NOTICE: First Circuit Local Rule 36.2(b)6 states unpublished
opinions may be cited only in related cases.

UNITED STATES of America, Plaintiff, Appellee,
Brian R. GARDELL, Defendant, Appellant.
No. 93-1916
United States Court of Appeals,
First Circuit.
May 6, 1994.

Appeal from the United States District Court for the District of
New Hampshire [Hon. Martin F. Loughlin, Senior U.S. District Judge ]
Brian R. Gardell on brief pro se.
Michael L. Paup, Acting Assistant Attorney General, Gary R. Allen,
Charles E. Brookhart and Scott P. Towers, Attorneys, Tax Division,
Department of Justice on brief for appellee.

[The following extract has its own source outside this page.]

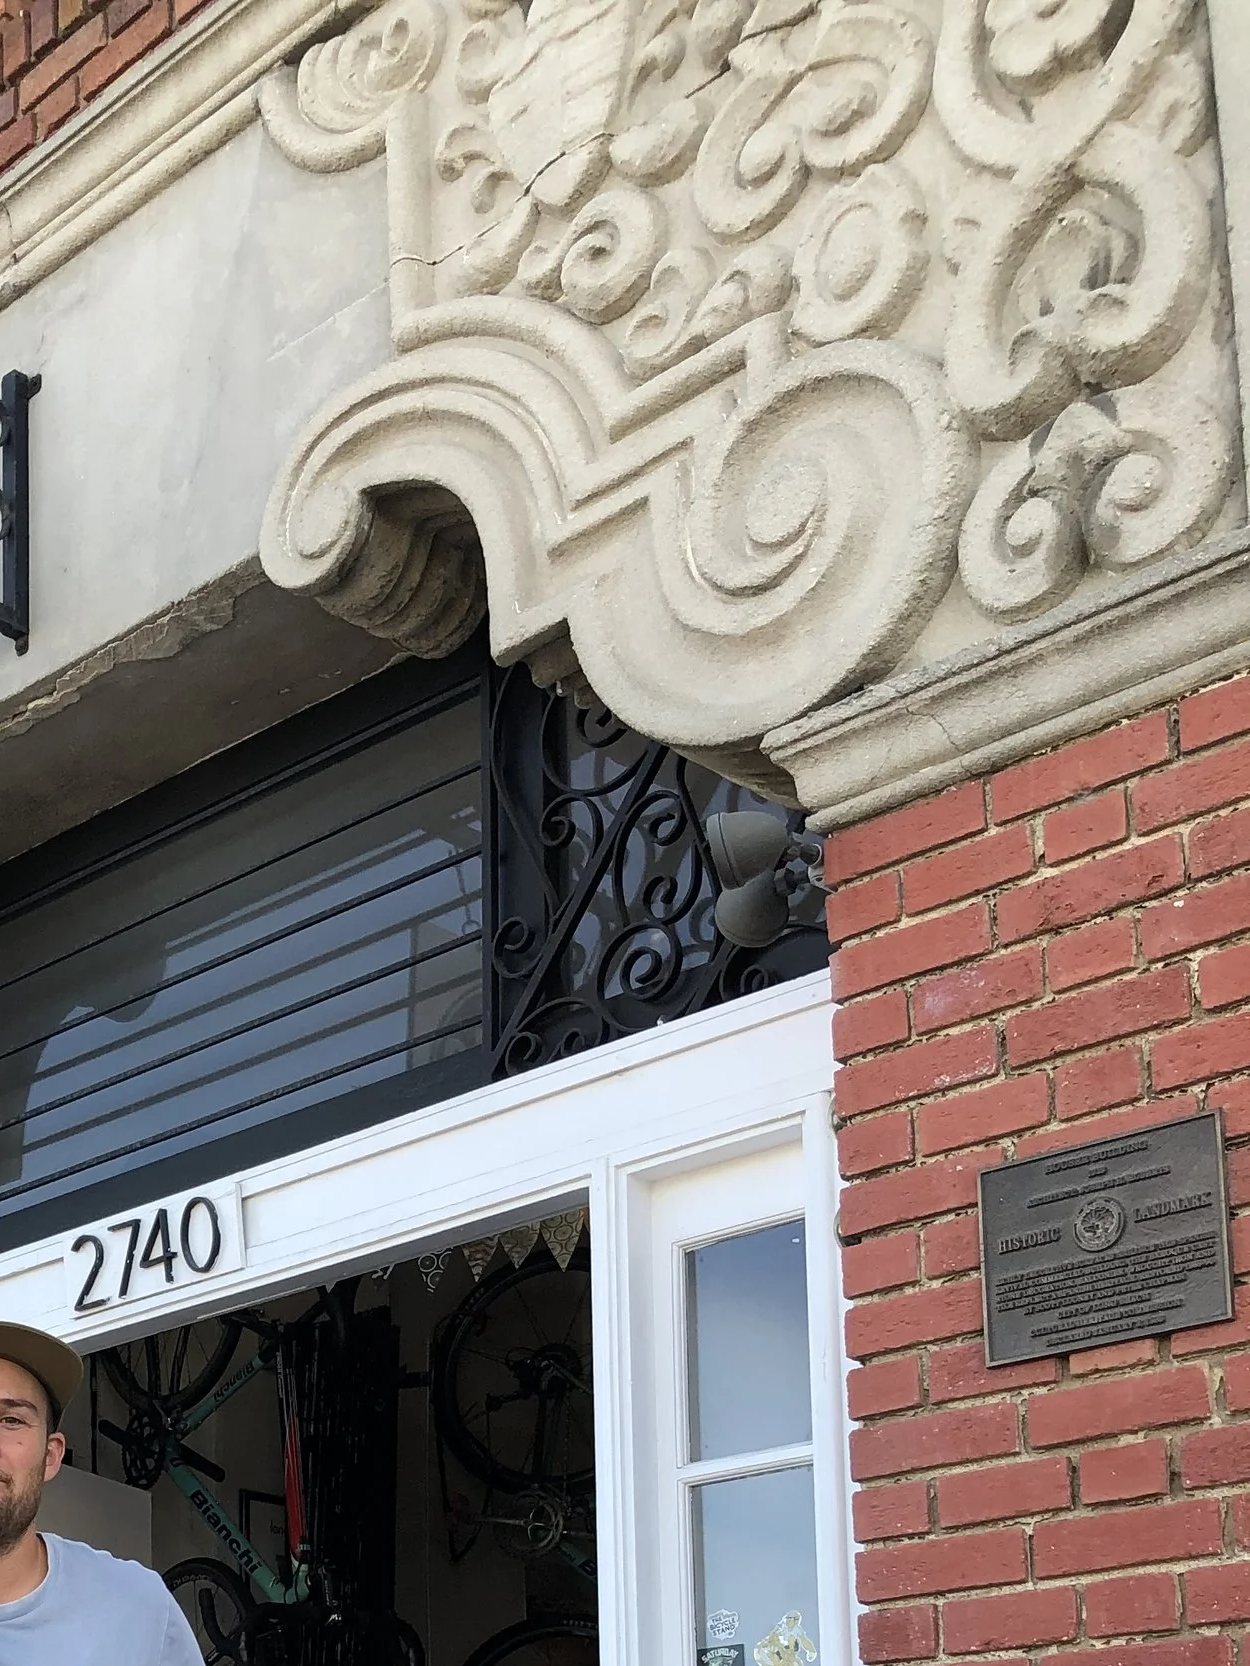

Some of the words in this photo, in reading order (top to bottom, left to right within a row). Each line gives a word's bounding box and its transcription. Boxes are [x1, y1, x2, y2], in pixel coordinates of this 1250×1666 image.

Before Torruella, Boudin and Stahl, Circuit Judges.

Per Curiam.

Appellant Brian Gardell appeals an order of the United States District Court for the District of New Hampshire approving the report and recommendation of the magistrate judge that he comply with an Internal Revenue Service [IRS] summons issued pursuant to 26 U.S.C. s 7602. The administrative summons directs Gardell to appear at the IRS office in Portsmouth, New Hampshire, to give testimony and to produce for examination books and records relating to his tax liabilities for the years 1985 and 1987. Tax liabilities had previously been assessed against Gardell for these years and the purpose of the summons was to determine the collectability of these liabilities. On appeal, Gardell asserts that the district court lacked jurisdiction to enforce the summons since Gardell has the "Status ... of Freeman and ... has no Contractual, Quasi-Contractual or implied agreements with the Federal Government." He also contends that the enforcement of the summons violated his constitutional right to due process. We affirm essentially on the grounds stated by the magistrate judge in his report and recommendation dated July 7, 1993. We add only the following remarks.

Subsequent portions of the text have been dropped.